Collected data

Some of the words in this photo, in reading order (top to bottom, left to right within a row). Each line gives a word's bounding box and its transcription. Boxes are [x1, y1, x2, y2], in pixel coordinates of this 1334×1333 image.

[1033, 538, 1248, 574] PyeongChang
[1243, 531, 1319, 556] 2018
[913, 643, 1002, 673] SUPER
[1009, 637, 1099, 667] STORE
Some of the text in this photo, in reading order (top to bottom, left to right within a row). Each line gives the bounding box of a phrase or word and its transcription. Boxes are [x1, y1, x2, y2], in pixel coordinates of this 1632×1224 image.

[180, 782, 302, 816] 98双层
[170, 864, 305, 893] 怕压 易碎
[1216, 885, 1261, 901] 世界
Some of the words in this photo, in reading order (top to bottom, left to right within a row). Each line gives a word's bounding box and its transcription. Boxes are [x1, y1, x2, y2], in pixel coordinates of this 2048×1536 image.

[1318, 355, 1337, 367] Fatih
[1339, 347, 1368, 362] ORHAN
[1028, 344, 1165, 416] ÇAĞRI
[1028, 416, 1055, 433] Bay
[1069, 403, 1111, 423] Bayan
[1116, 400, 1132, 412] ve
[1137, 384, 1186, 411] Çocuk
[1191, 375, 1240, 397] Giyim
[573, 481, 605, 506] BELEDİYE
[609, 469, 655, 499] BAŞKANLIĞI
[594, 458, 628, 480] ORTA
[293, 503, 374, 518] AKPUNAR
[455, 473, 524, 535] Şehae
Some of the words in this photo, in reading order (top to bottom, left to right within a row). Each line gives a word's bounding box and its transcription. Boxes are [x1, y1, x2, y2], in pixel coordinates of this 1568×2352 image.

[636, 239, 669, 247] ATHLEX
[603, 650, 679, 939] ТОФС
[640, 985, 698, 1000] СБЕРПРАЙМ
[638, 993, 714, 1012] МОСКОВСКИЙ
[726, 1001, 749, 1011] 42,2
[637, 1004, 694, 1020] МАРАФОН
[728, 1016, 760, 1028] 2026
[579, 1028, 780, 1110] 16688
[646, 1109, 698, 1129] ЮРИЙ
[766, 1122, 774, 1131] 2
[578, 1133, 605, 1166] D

* **Problem requirements**
A full, exact copy of the entries is required. Return it.

* **Your solution**
Some of the words in this photo, in reading order (top to bottom, left to right within a row). Each line gives a word's bounding box and its transcription. Boxes are [x1, y1, x2, y2], in pixel coordinates of this 1334×1333 image.

[1033, 538, 1248, 574] PyeongChang
[1243, 531, 1319, 556] 2018
[913, 643, 1002, 673] SUPER
[1009, 637, 1099, 667] STORE
Some of the text in this photo, in reading order (top to bottom, left to right within a row). Each line gives the bounding box of a phrase or word and its transcription. Boxes are [x1, y1, x2, y2], in pixel coordinates of this 1632×1224 image.

[180, 782, 302, 816] 98双层
[170, 864, 305, 893] 怕压 易碎
[1216, 885, 1261, 901] 世界
Some of the words in this photo, in reading order (top to bottom, left to right within a row). Each line gives a word's bounding box and its transcription. Boxes are [x1, y1, x2, y2], in pixel coordinates of this 2048×1536 image.

[1318, 355, 1337, 367] Fatih
[1339, 347, 1368, 362] ORHAN
[1028, 344, 1165, 416] ÇAĞRI
[1028, 416, 1055, 433] Bay
[1069, 403, 1111, 423] Bayan
[1116, 400, 1132, 412] ve
[1137, 384, 1186, 411] Çocuk
[1191, 375, 1240, 397] Giyim
[573, 481, 605, 506] BELEDİYE
[609, 469, 655, 499] BAŞKANLIĞI
[594, 458, 628, 480] ORTA
[293, 503, 374, 518] AKPUNAR
[455, 473, 524, 535] Şehae
Some of the words in this photo, in reading order (top to bottom, left to right within a row). Each line gives a word's bounding box and its transcription. Boxes are [x1, y1, x2, y2], in pixel coordinates of this 1568×2352 image.

[636, 239, 669, 247] ATHLEX
[603, 650, 679, 939] ТОФС
[640, 985, 698, 1000] СБЕРПРАЙМ
[638, 993, 714, 1012] МОСКОВСКИЙ
[726, 1001, 749, 1011] 42,2
[637, 1004, 694, 1020] МАРАФОН
[728, 1016, 760, 1028] 2026
[579, 1028, 780, 1110] 16688
[646, 1109, 698, 1129] ЮРИЙ
[766, 1122, 774, 1131] 2
[578, 1133, 605, 1166] D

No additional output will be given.